Here plaintiffs Bill of Particulars, which was served on Downstate Hospital prior to dismissal of her claims against Downstate in this action, alleges that the hospital caused the following injuries: death; infections; sepsis; multiple surgeries; ulcers; emphysoma; respiratory failure; tracheostomy; infected nephrostomy site; prolonged tracheal intubation; chronic renal insufficiency; thrombocytopenia; multiple blood transfusions; disseminated intravascular coagulopathy; respiratory distress; pneumonia; prolonged mechanical ventilation; multiple decubitus ulcers; shock; acute renal failure; hemorrhage; severe pain; mental anguish; anxiety; loss of enjoyment of life; fear of impending death; cardiopulmonary arrest; fevers; anxiety; mental anguish; emotional distress and loss of enjoyment of live.
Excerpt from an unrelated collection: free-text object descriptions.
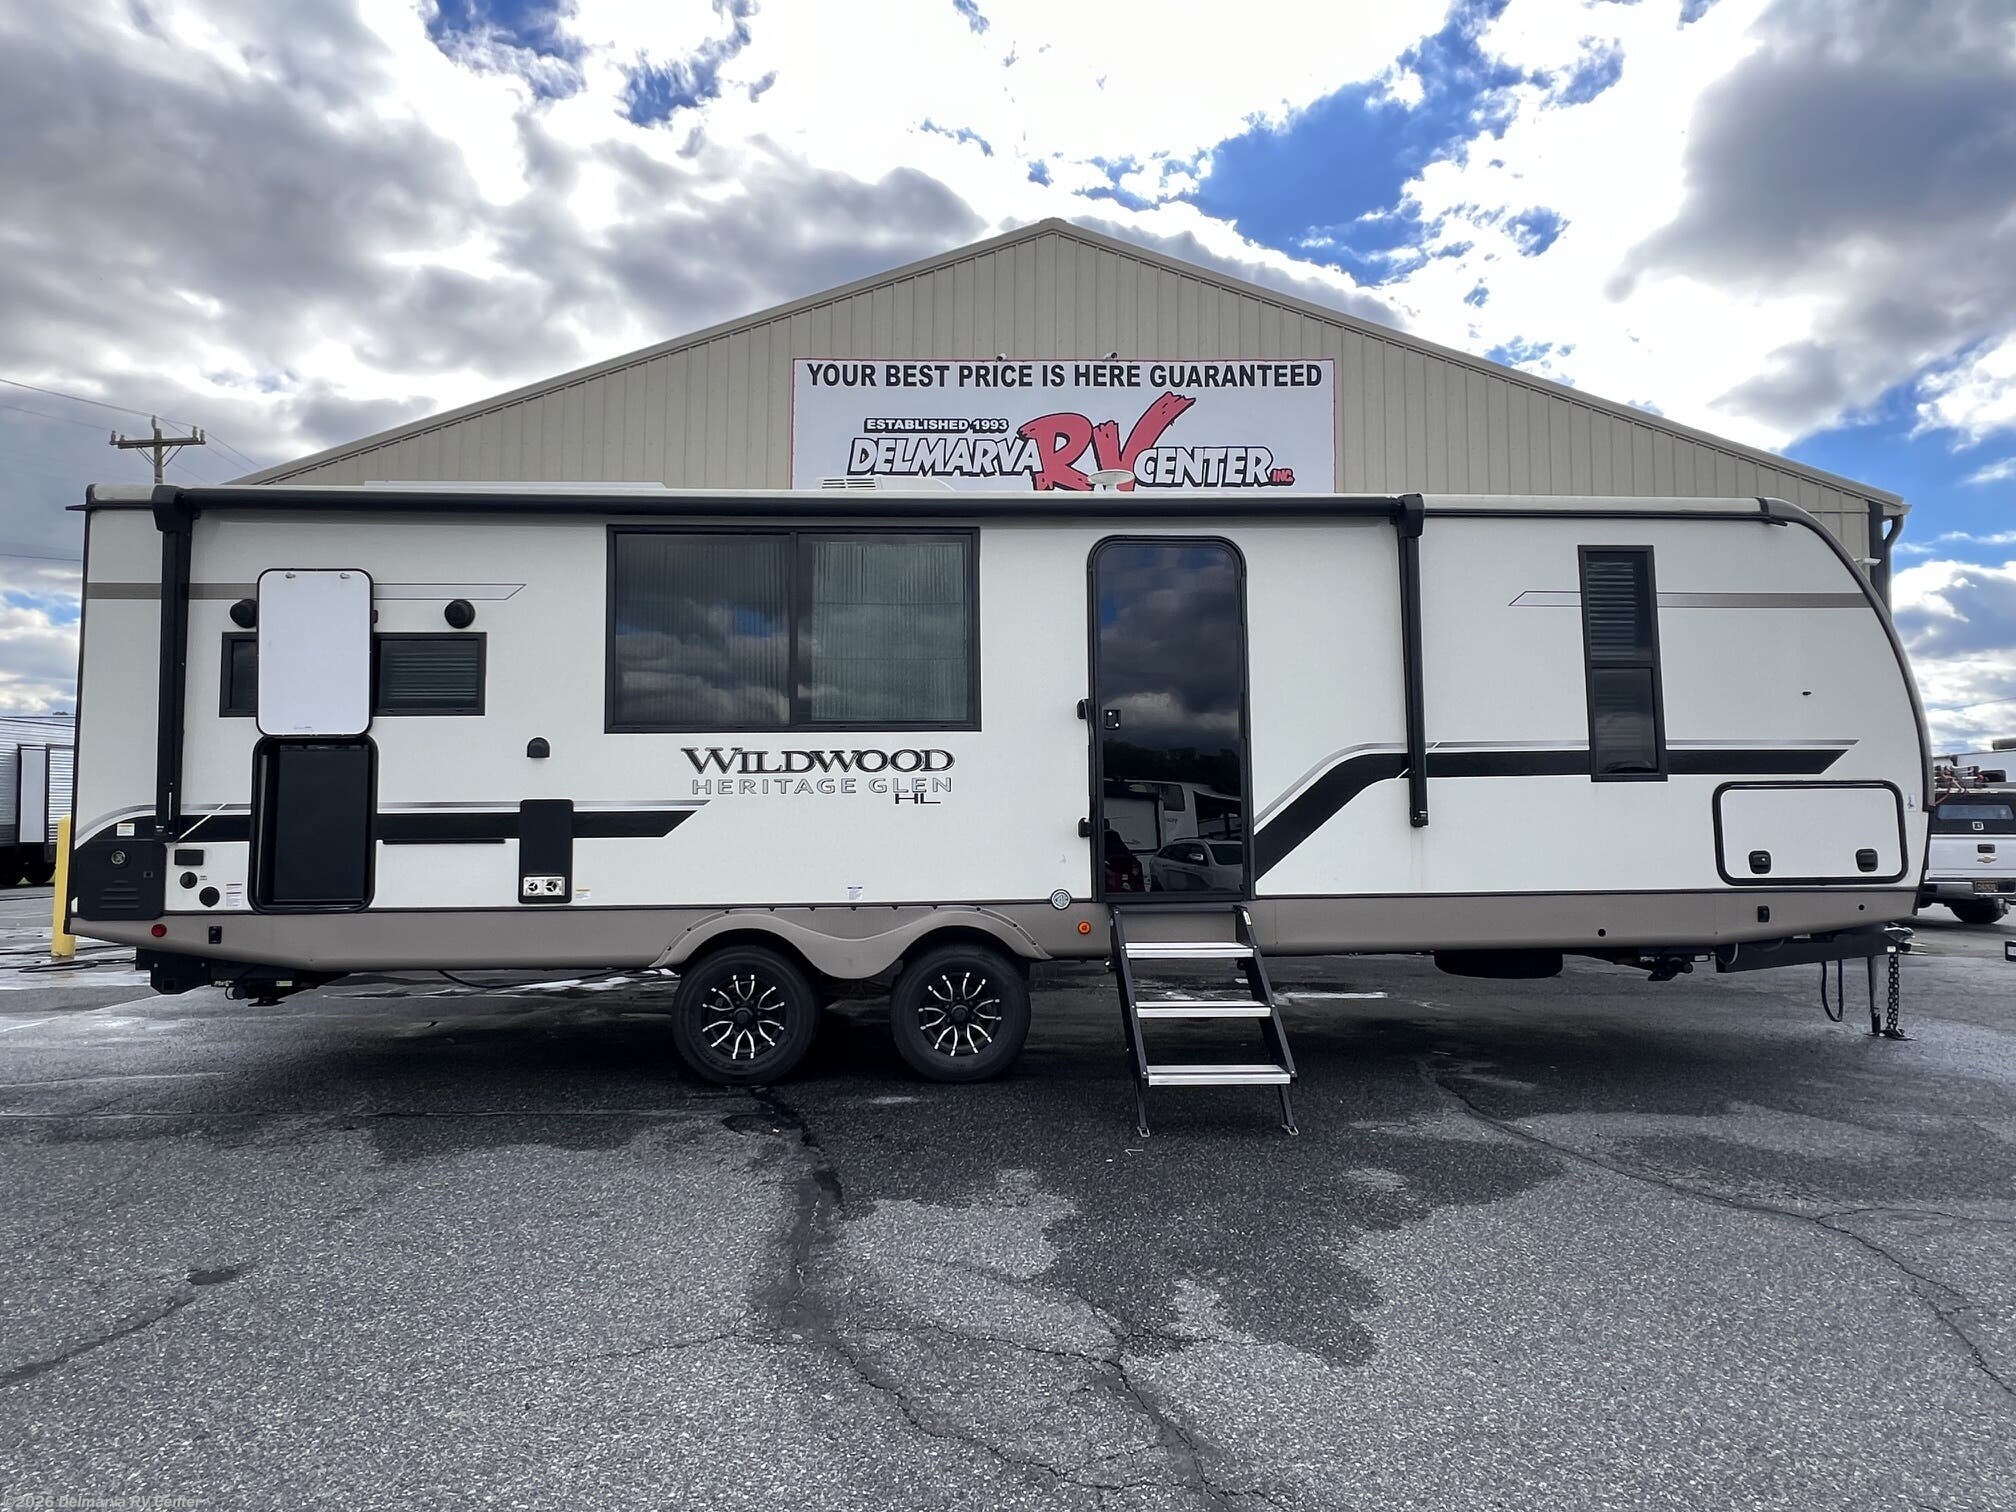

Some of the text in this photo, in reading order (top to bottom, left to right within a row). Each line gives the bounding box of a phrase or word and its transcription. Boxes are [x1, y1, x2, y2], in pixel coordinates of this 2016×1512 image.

[807, 363, 1322, 388] YOUR BEST PRICE IS HERE GUARANTEED
[864, 418, 1009, 433] ESTABLISHED 1993
[847, 437, 1043, 477] DELMARVA
[1017, 391, 1196, 491] RV
[1133, 446, 1273, 487] CENTER
[691, 776, 952, 795] HERITAGE GLEN
[894, 793, 941, 805] HL
During the trial against Dr. BK plaintiff maintained that the decedent’s five month hospitalization and death resulted from the negligent surgeries performed by Dr. BK Dr. JM testified that the second operation was a substantial factor in the decedent’s prolonged hospitalization due to lung damage. There was evidence presented that pneumonia was a complication resulting from the use of a ventilator required as a result of the surgically caused lung injury. Plaintiffs expert also opined that multiple blood transfusions during and following the surgeries exposed the decedent to the risk of infection.
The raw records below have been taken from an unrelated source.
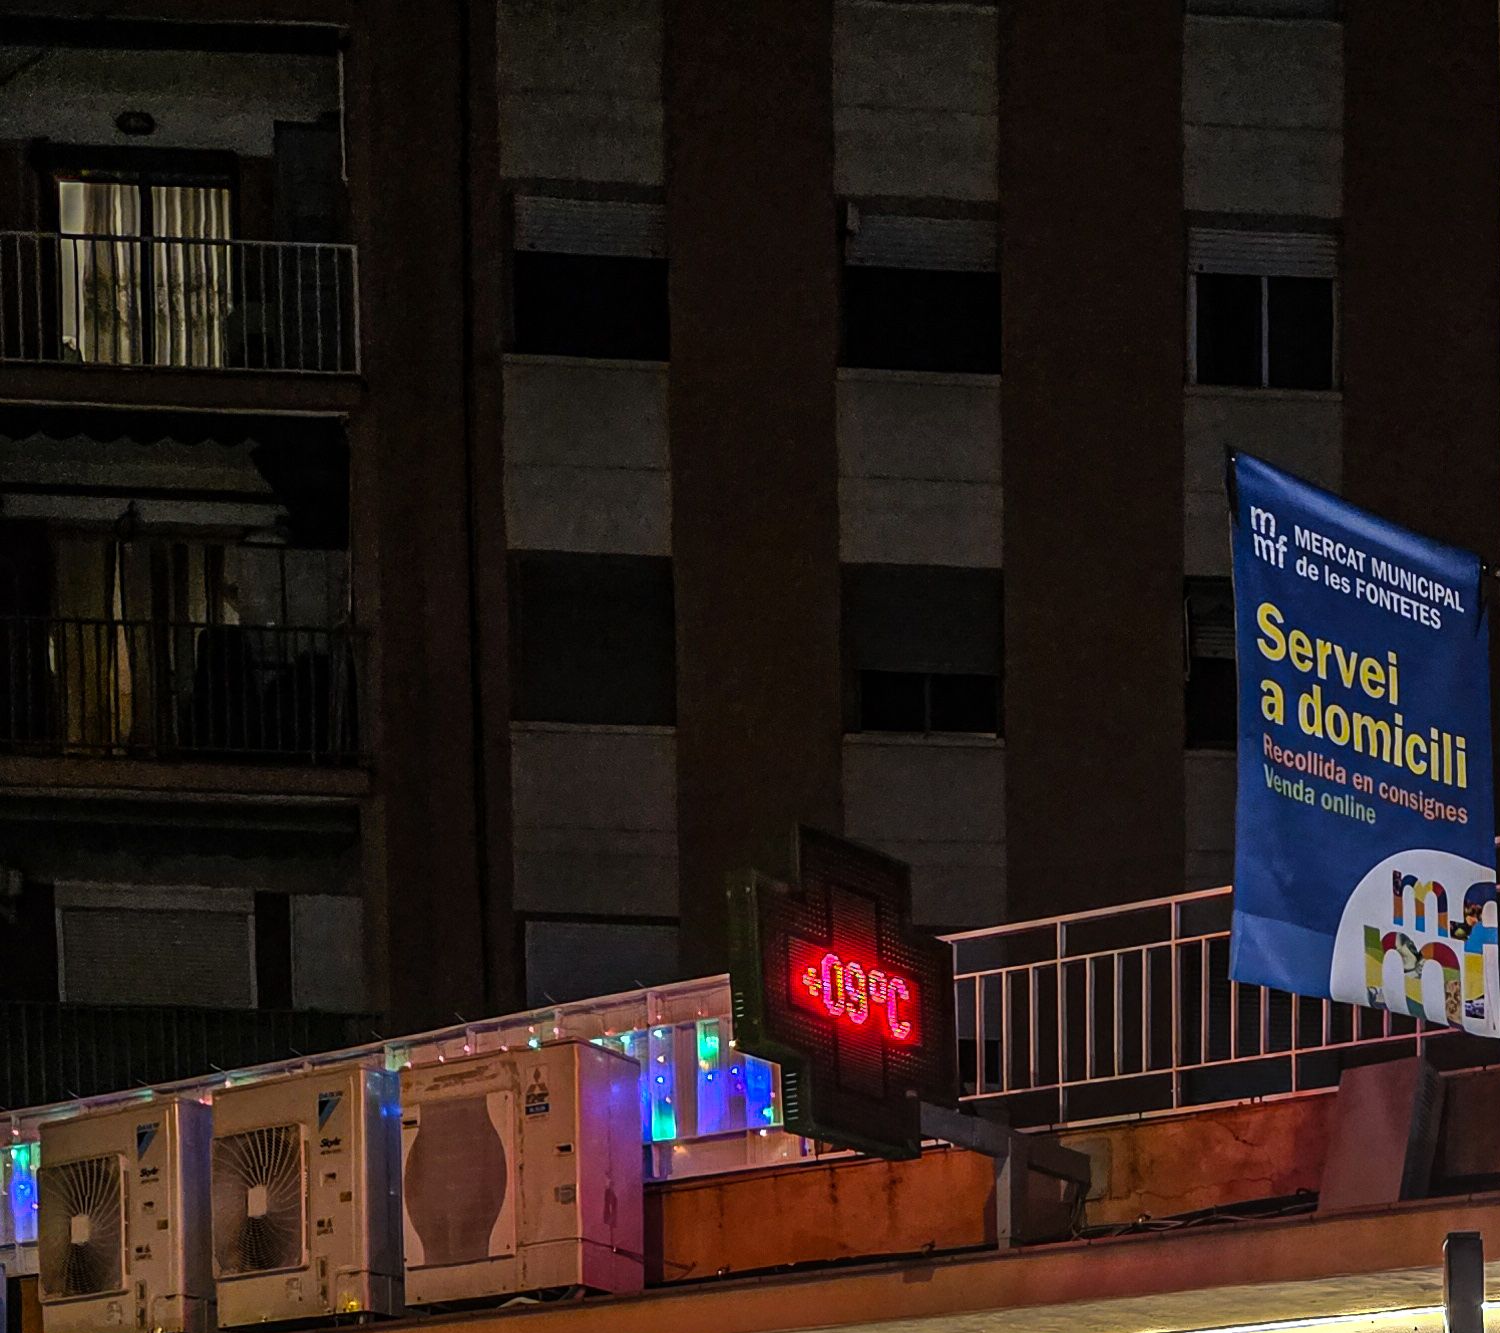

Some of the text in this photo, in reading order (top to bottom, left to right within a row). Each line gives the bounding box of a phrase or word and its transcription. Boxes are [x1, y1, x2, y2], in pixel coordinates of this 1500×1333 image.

[1293, 524, 1465, 613] MERCAT MUNICIPAL
[1296, 556, 1442, 630] de les FONTETES
[1256, 602, 1399, 706] Servei
[1260, 679, 1468, 789] a domicili
[1263, 732, 1469, 825] Recollida en consignes
[1263, 763, 1377, 825] Venda online
Dr. H opined that prolonged hospitalization and prolonged use of a respirator caused episode of pneumonia, the need for a bronchoscopy, urinary obstruction requiring a tube to drain the kidneys, urinary tract infections, sepsis shock and ultimately death. Dr. H testified that the infection which resulted in sepsis, shock and death, were caused by three bacterial organisms which were most likely associated with hospital infections. Dr. H further testified that systemic inflammatory response syndrome, which induced respiratory distress, was associated with injuries to the lungs during the heart surgeries. Dr. BK treated the decedent in the cardio-thoracic intensive care unit September6, 2004, at which time he was transferred to the medical intensive care unit. He died six days later on September 12, 2004. Thus, upon this record it cannot be said that damages for pain and suffering are divisible as between Dr. BK and Downstate. Accordingly, Dr. BK was entitled to apportionment against Downstate in this action.
Next, with respect to the jury’s damages award, Dr. BK argues that the awards in the amount of $6 million for pain and suffering and $ 13 million for loss of services deviate materially from what would be reasonable compensation, and that the jury’s $780,000.00 award for wrongful death was not proven with reasonable certainty.